The above Consolidated Statement of Changes in Equity should be read in conjunction with the accompanying notes.

NOTE 1: SUMMARY OF SIGNIFICANT ACCOUNTING POLICIES

(a) Basis of preparation

This general purpose interim financial report for the half-year reporting period ended 31 December 2011 has been prepared in accordance with Accounting Standard AASB 134 Interim Financial Reporting and the Corporations Act 2001.

This interim financial report does not include all the notes of the type normally included in an annual financial report. Accordingly, this report is to be read in conjunction with the annual report for the year ended 30 June 2011 and any public announcements made by ABM Resources NL during the interim reporting period in accordance with the continuous disclosure requirements of the Corporations Act 2001.
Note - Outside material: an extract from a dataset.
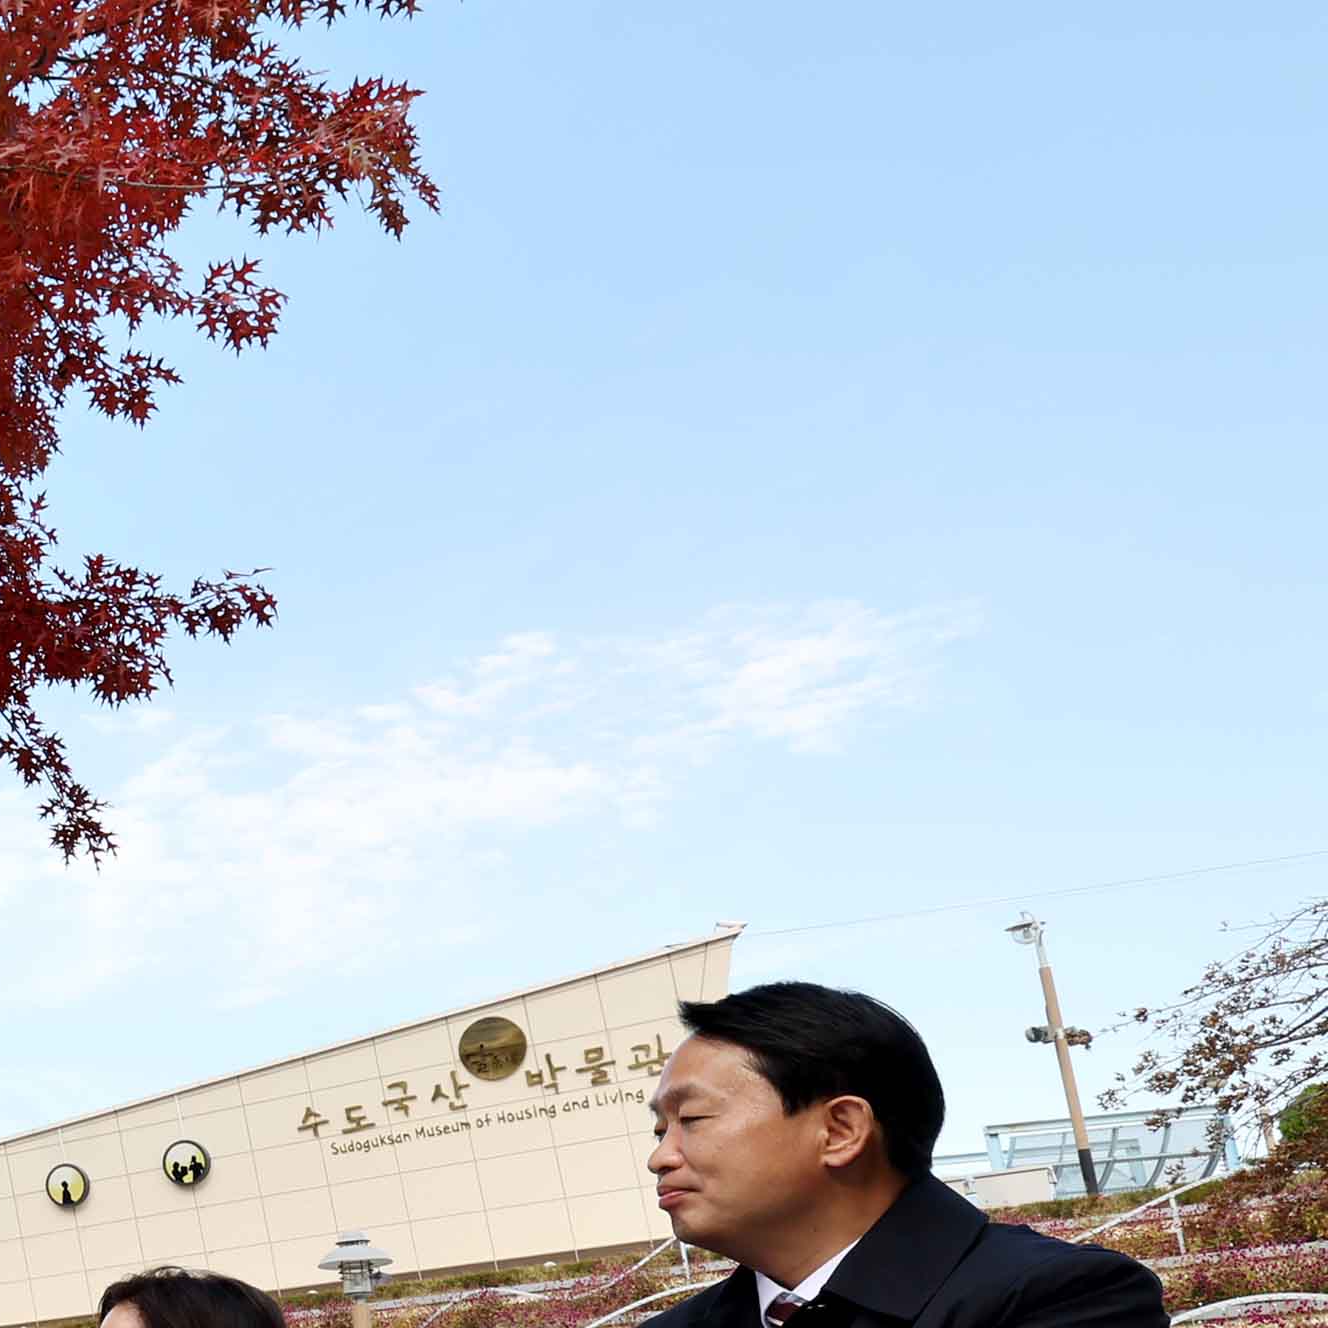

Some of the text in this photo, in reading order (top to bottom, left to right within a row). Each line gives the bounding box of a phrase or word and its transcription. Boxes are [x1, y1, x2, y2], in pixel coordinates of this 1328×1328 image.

[525, 1034, 672, 1095] 박물관
[330, 1088, 645, 1155] Sudoguksan Museum of Housing and Living
The accounting policies adopted are consistent with those of the previous financial year and corresponding interim reporting period.

(b) Estimates

The preparation of the half-year financial statements requires management to make judgements, estimates and assumptions that affect the application of accounting policies and the reported amounts of assets and liabilities, income and expense. Actual results may differ from these estimates.
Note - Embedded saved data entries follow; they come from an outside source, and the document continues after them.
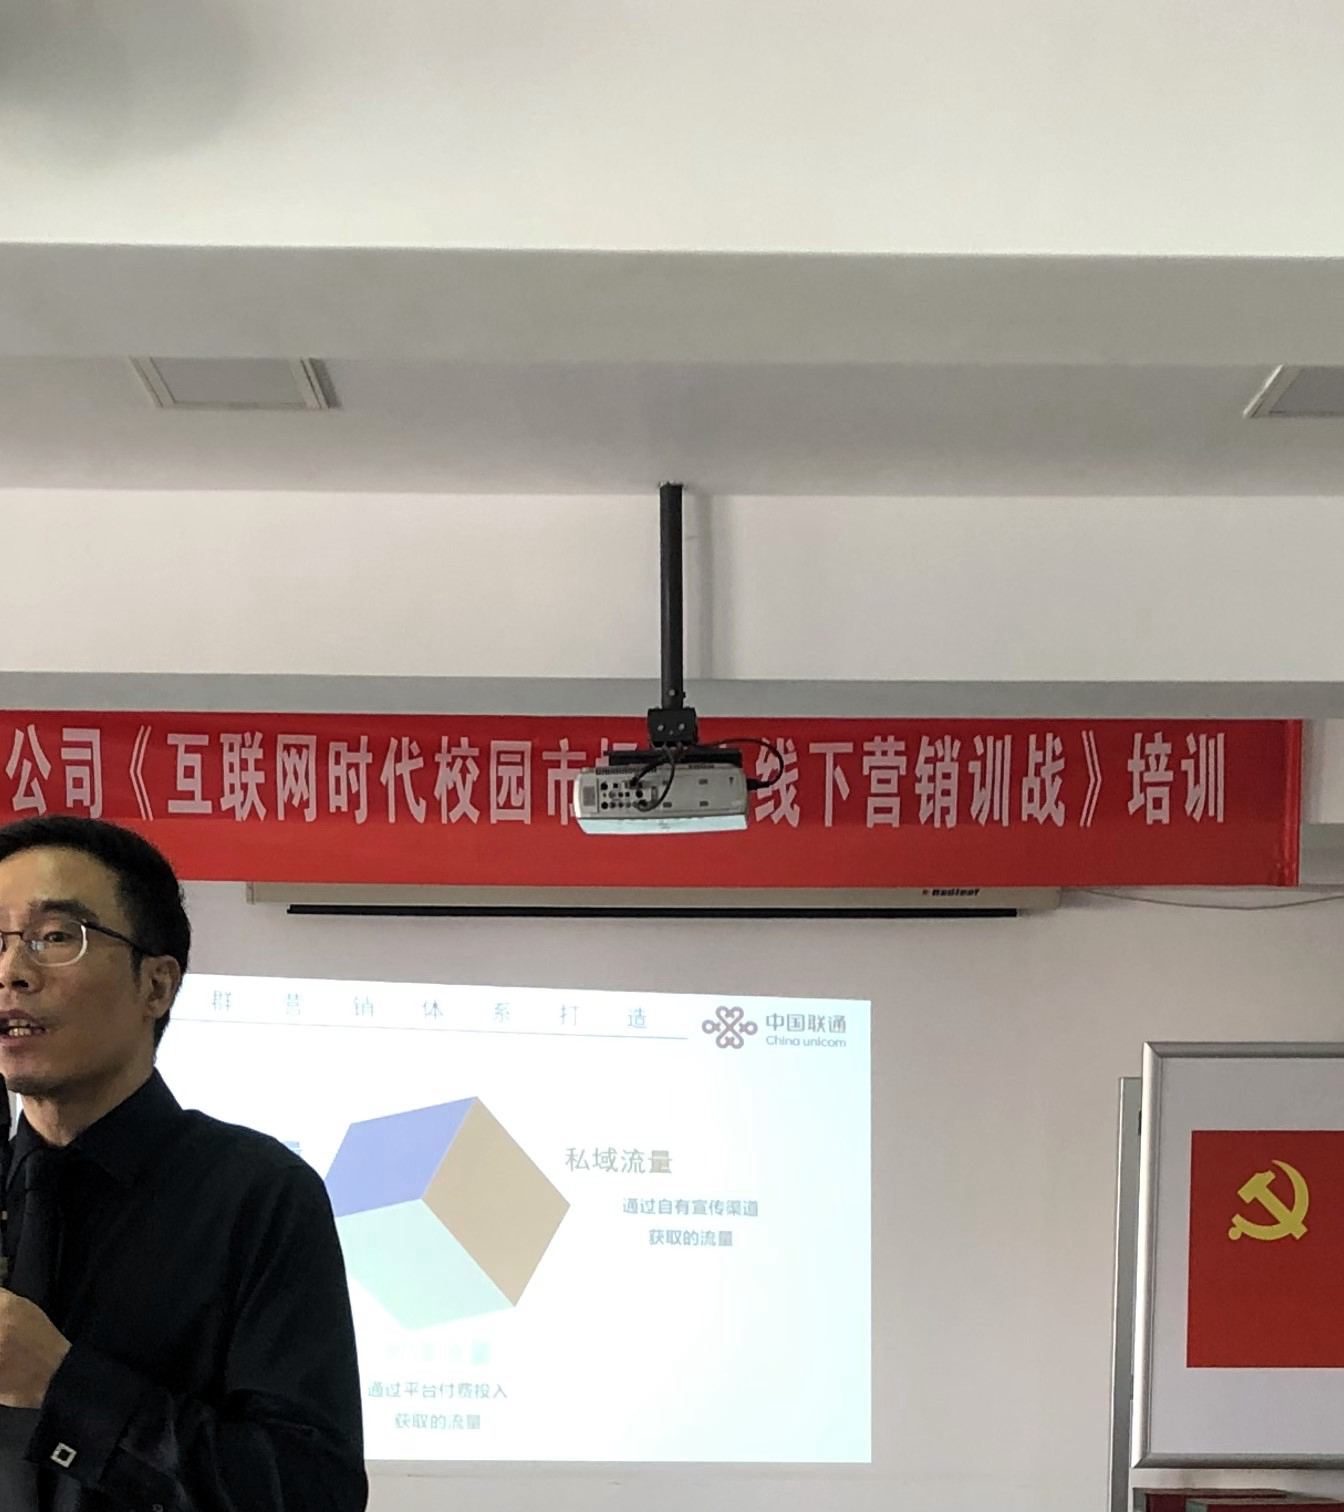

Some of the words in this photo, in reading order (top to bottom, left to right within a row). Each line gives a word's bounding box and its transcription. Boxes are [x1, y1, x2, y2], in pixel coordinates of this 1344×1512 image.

[765, 1011, 847, 1034] 中国联通
[765, 1034, 800, 1047] China
[564, 1146, 673, 1174] 私域流量
[622, 1197, 759, 1217] 通过自有宣传渠道
[648, 1228, 733, 1247] 获取的流量
[367, 1380, 508, 1399] 通过平台付费投入
[394, 1412, 481, 1430] 获取的流量
In preparing these consolidated half-year financial statements, the significant judgements made by management in applying the Group's accounting policies and the key sources of estimation uncertainty are the same as those that applied to the consolidated financial statements as at and for the year ended 30 June 2011.

NOTE 2: SEGMENT INFORMATION

The full Board of Directors, who are the chief operating decision makers, has identified two reportable segments from a geographical prospective with the mineral exploration segments being, the Northern Territory and Other segments.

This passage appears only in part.